July 11, 2018 / 3:32 PM / 10 months ago

Countdown starts to players on the clock at U.S. Open

(Reuters) - The WTA, ATP and USTA will introduce a shot clock at the U.S. Open and hardcourt events in the run up to the year’s final Grand Slam in an attempt to speed up the game, the tennis governing bodies said on Wednesday.

FILE PHOTO: Aug 29, 2016; New York, NY, USA; Novak Djokovic of Serbia serves to Jerzy Janowicz of Poland on day one of the 2016 U.S. Open tennis tournament at USTA Billie Jean King National Tennis Center. Mandatory Credit: Geoff Burke-USA TODAY Sports / Reuters Picture Supplied by Action Images/File Photo

Under the new format players will have up to 25 seconds to serve or receive a time violation.

The idea of a serve clock has drawn the wrath of some of the sport’s biggest names competing at Wimbledon.

World number one Rafael Nadal, who has a lengthy pre-serve routine and has often fallen foul of the slow-play rule, took a swipe at the plan saying it would affect a player’s tactics and he could not support the idea.

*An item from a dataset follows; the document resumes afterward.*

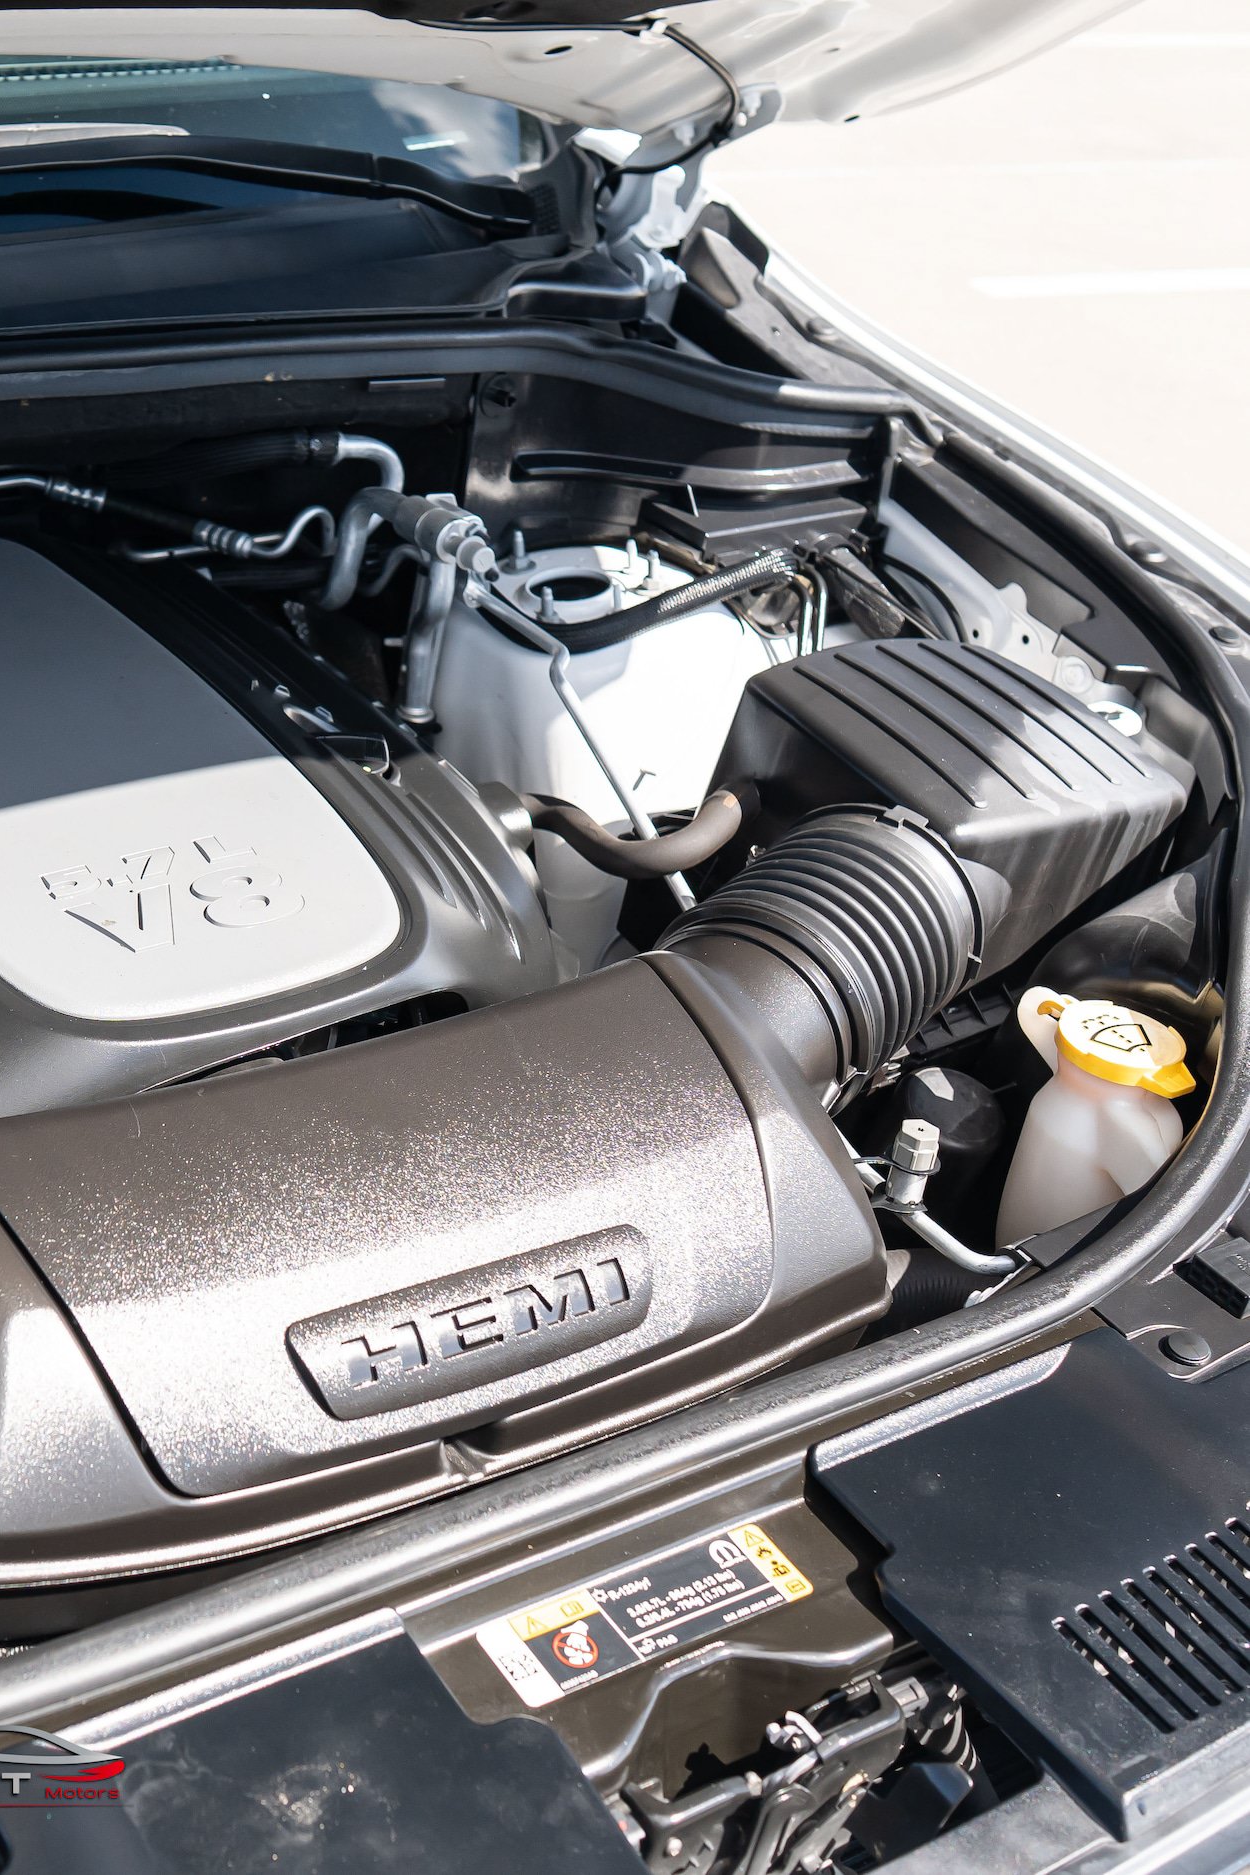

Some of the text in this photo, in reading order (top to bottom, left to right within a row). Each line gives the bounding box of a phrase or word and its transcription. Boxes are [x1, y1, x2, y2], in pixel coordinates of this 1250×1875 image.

[38, 834, 258, 900] 5.7L
[62, 864, 306, 954] V8
[341, 1256, 631, 1390] HEMI
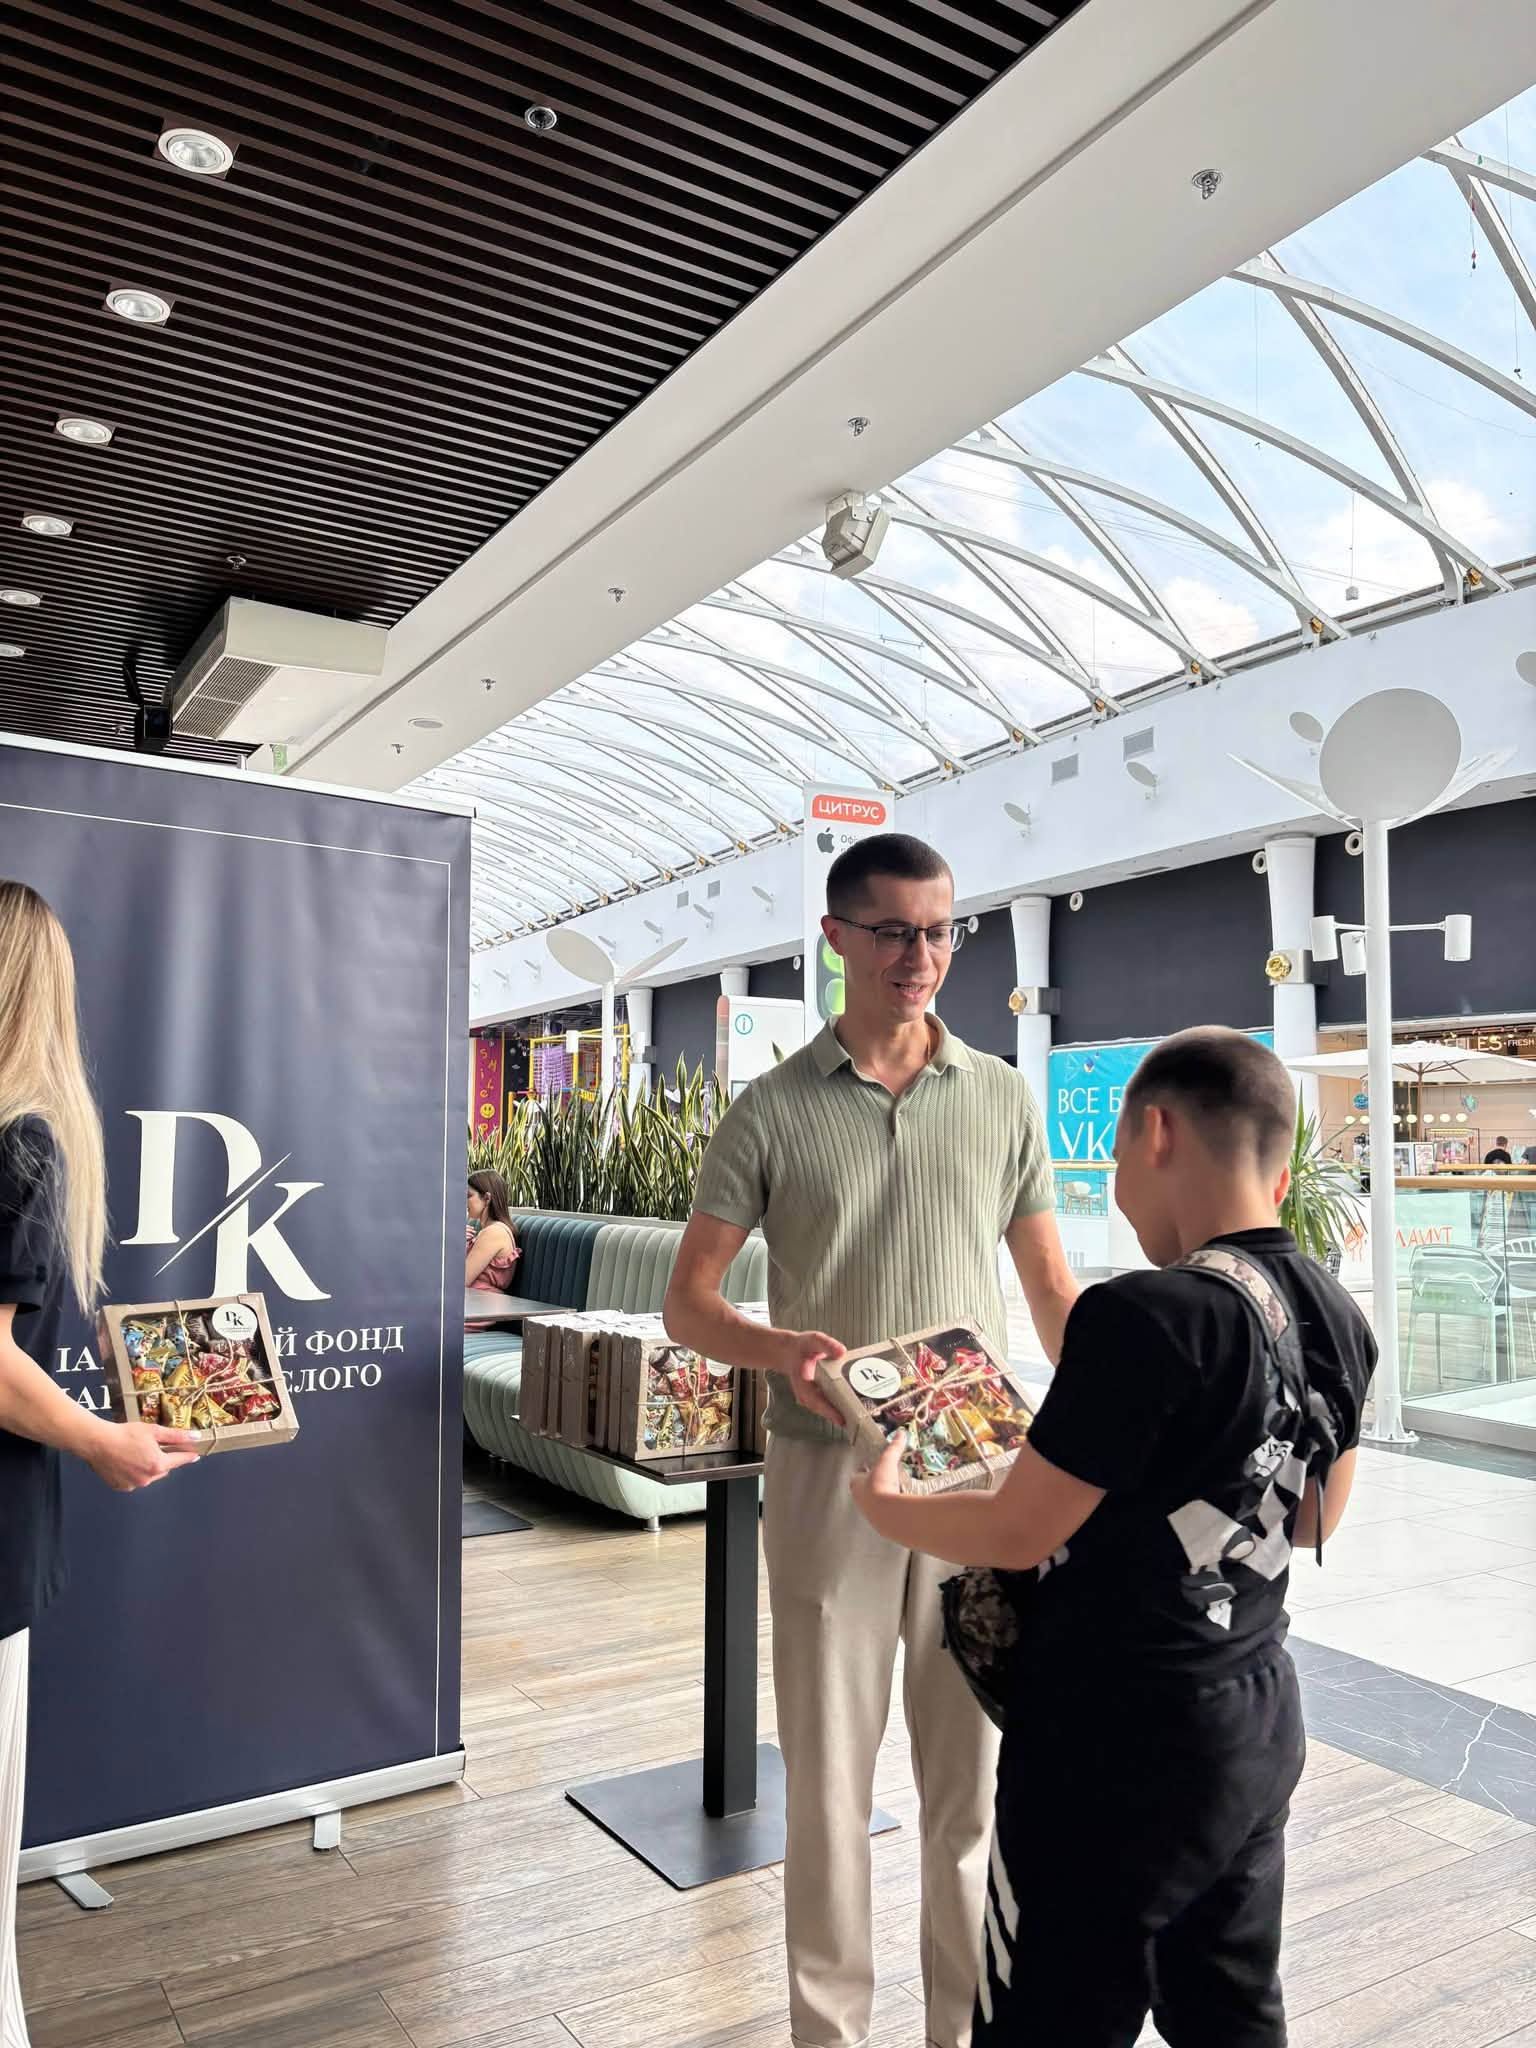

Former world number one Novak Djokovic described the decision as “disrespectful” to the players.

Following each point, the score will be entered and announced by the chair umpire triggering the start of the clock.

If the player has not started the service motion at the completion of the 25-second countdown, the chair umpire will issue a time violation.

The warm-up period before matches will also be put on the clock.

A one-minute countdown will begin when the second player arrives at their chair and if the players are not at the net in the allotted time they will be subject to a fine.

A five-minute warm-up clock will begin after the coin toss with the chair umpire informing players of the minutes remaining at intervals of three, two and one minute plus 30 seconds.

That will be followed by another one minute countdown at which point the players must be in position and ready to play.

“These rule changes were a result of collaboration and consultation between all three organizations, and are aimed at increasing pace of play and ensuring a consistent set of enforcement standards,” the USTA said in a statement.

As well as the U.S. Open, which starts in August, the following events will introduce the changes: Citi Open (Washington, D.C.), Mubadala Silicon Valley Classic, (San Jose, Calif.), Rogers Cup (Montreal and Toronto, Canada), Western and Southern Open (Cincinnati, Ohio), Connecticut Open (New Haven, Conn.), and Winston-Salem Open (Winston Salem, N.C.).